(Data items)
[Start of section]

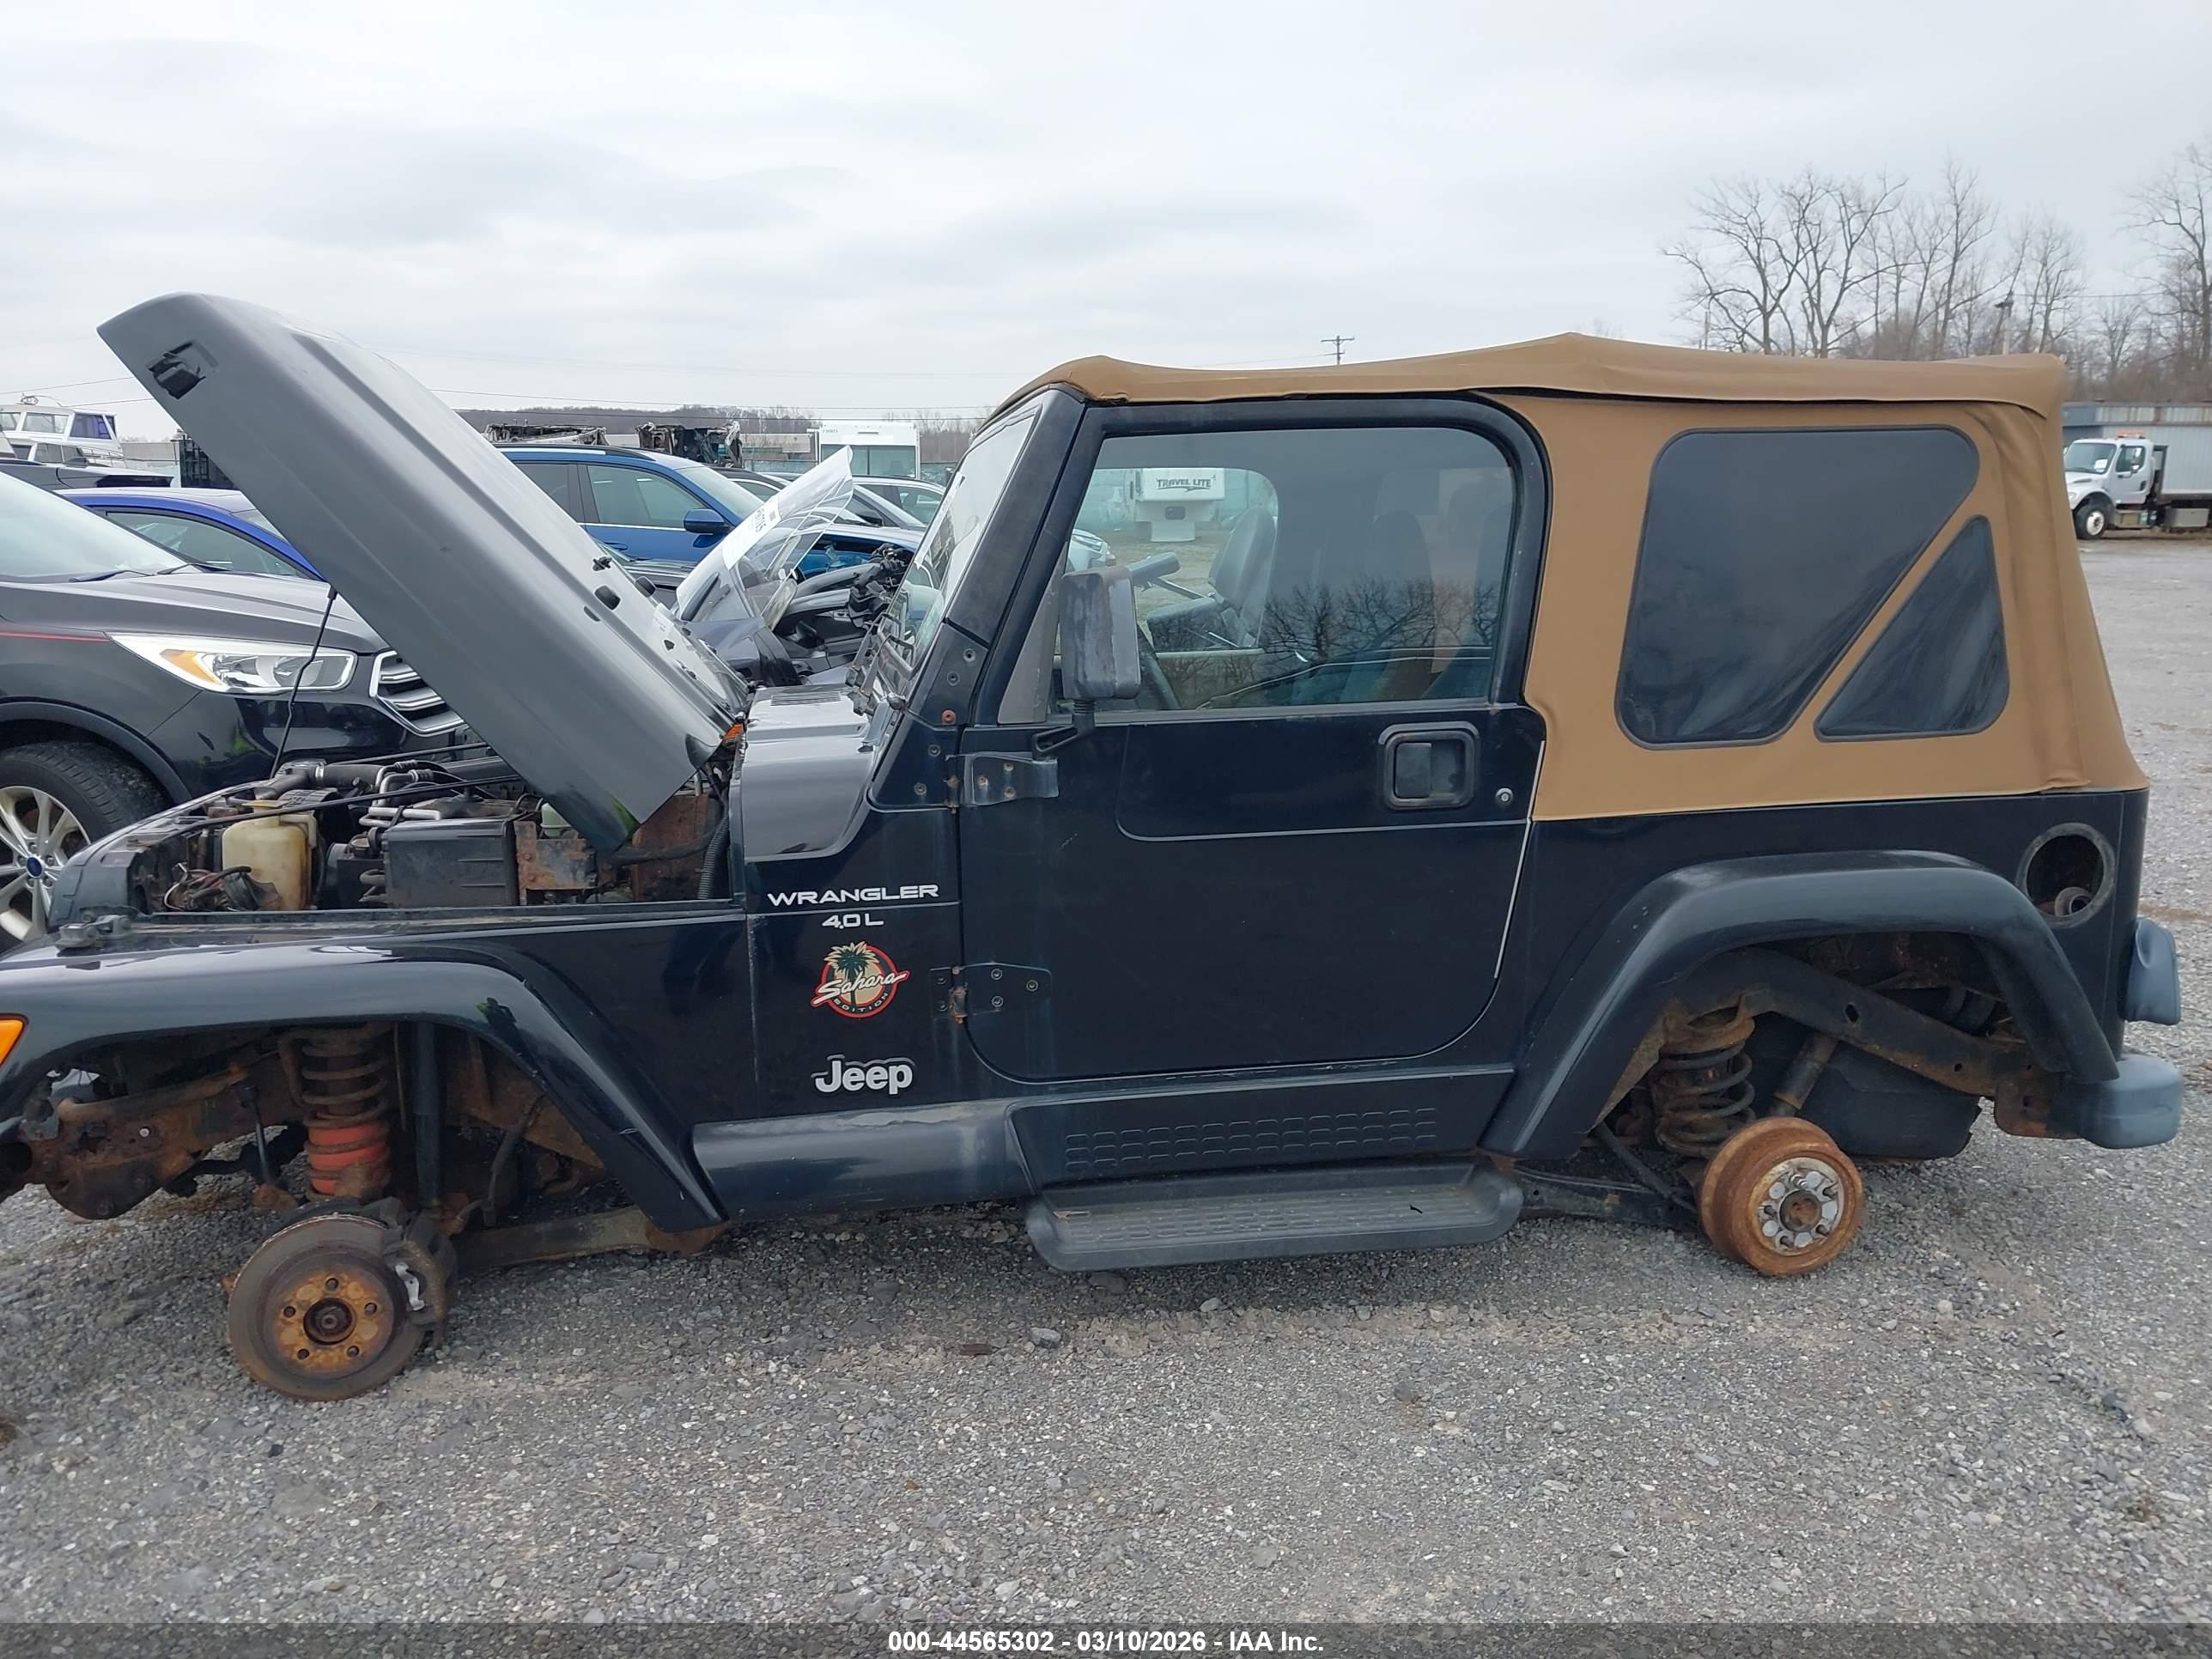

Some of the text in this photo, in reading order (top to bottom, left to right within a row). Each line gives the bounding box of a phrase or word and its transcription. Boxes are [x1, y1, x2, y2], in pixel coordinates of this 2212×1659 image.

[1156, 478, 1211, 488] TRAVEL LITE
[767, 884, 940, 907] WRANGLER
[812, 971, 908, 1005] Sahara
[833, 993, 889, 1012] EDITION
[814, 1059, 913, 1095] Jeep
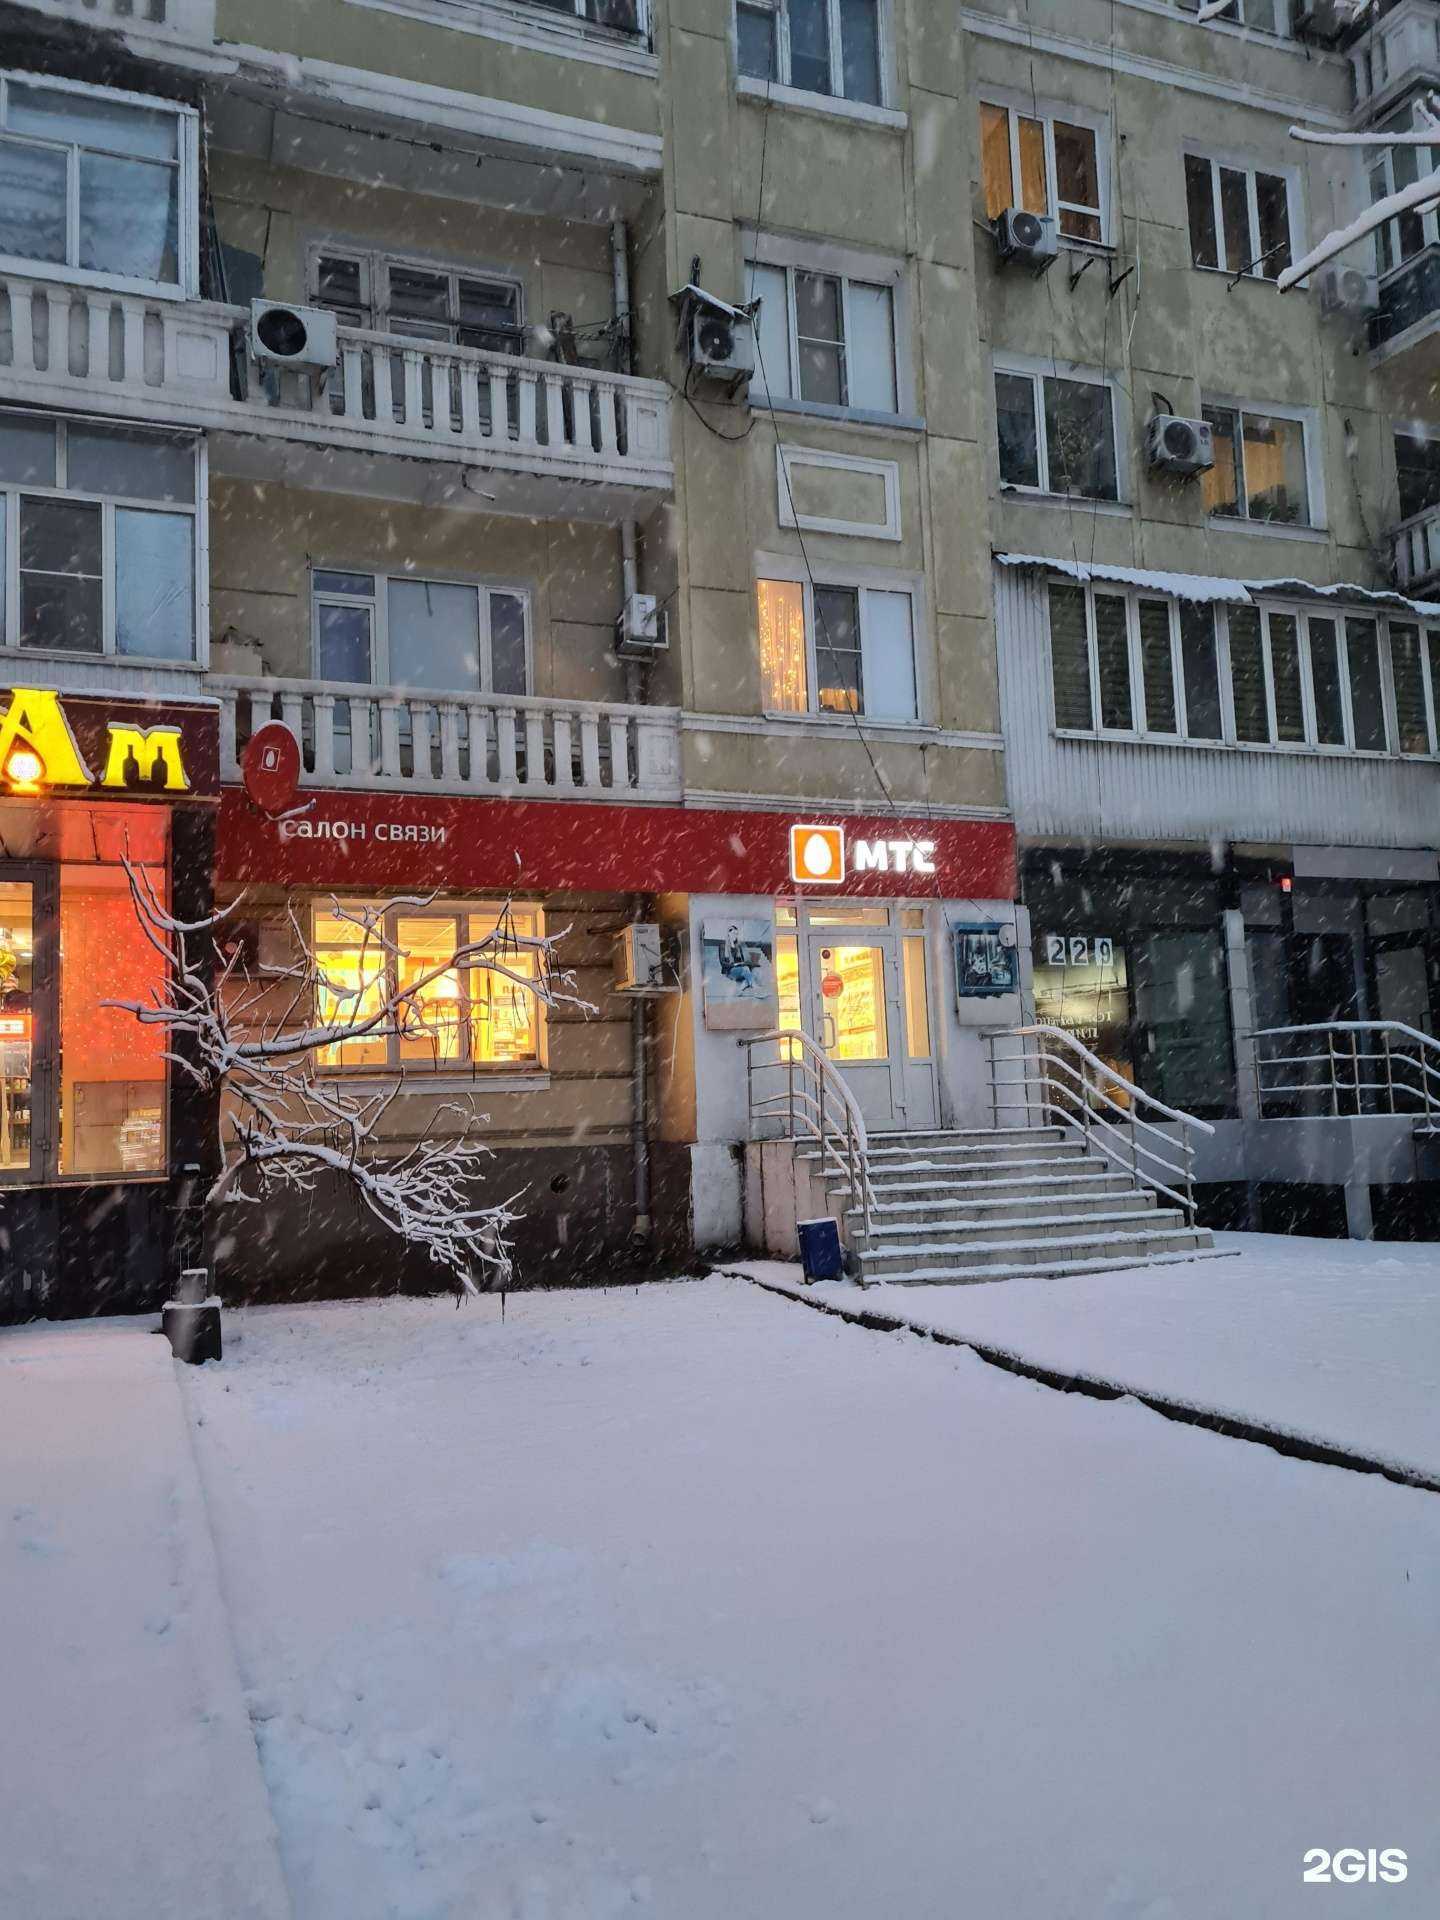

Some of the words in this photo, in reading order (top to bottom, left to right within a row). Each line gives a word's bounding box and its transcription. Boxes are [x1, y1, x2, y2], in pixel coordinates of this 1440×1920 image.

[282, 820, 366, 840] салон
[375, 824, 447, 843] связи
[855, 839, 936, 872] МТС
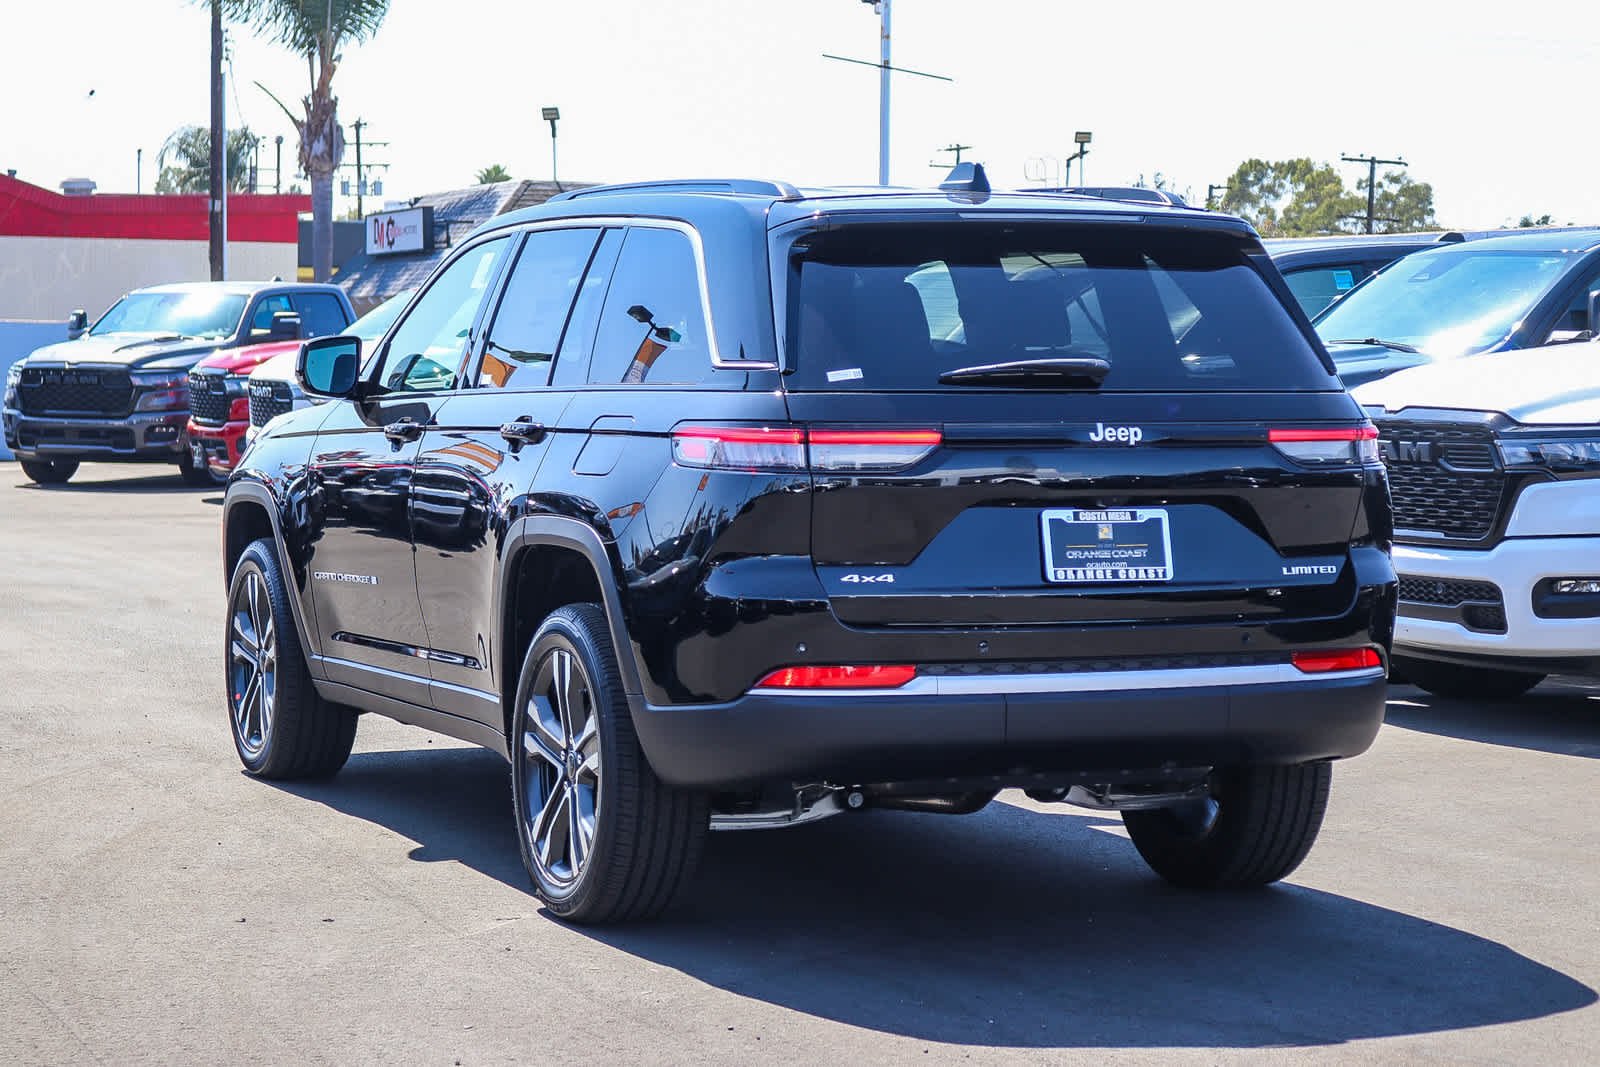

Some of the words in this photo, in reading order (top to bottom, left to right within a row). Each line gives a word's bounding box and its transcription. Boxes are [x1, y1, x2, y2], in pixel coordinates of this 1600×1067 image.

[End of section]

**DIRECTIONS FOR THIS TASK**. Reproduce nothing but the lines running from the line with "this 1440×1920 image." through the end of the records, keeping both end lines and dropping the pictures.

**EXERCISE ANSWER**.
Some of the words in this photo, in reading order (top to bottom, left to right within a row). Each line gives a word's bounding box and its transcription. Boxes are [x1, y1, x2, y2], in pixel coordinates of this 1440×1920 image.

[282, 820, 366, 840] салон
[375, 824, 447, 843] связи
[855, 839, 936, 872] МТС

Some of the words in this photo, in reading order (top to bottom, left to right within a row). Each line gives a word's bounding box and its transcription. Boxes are [x1, y1, x2, y2], in pixel coordinates of this 1600×1067 image.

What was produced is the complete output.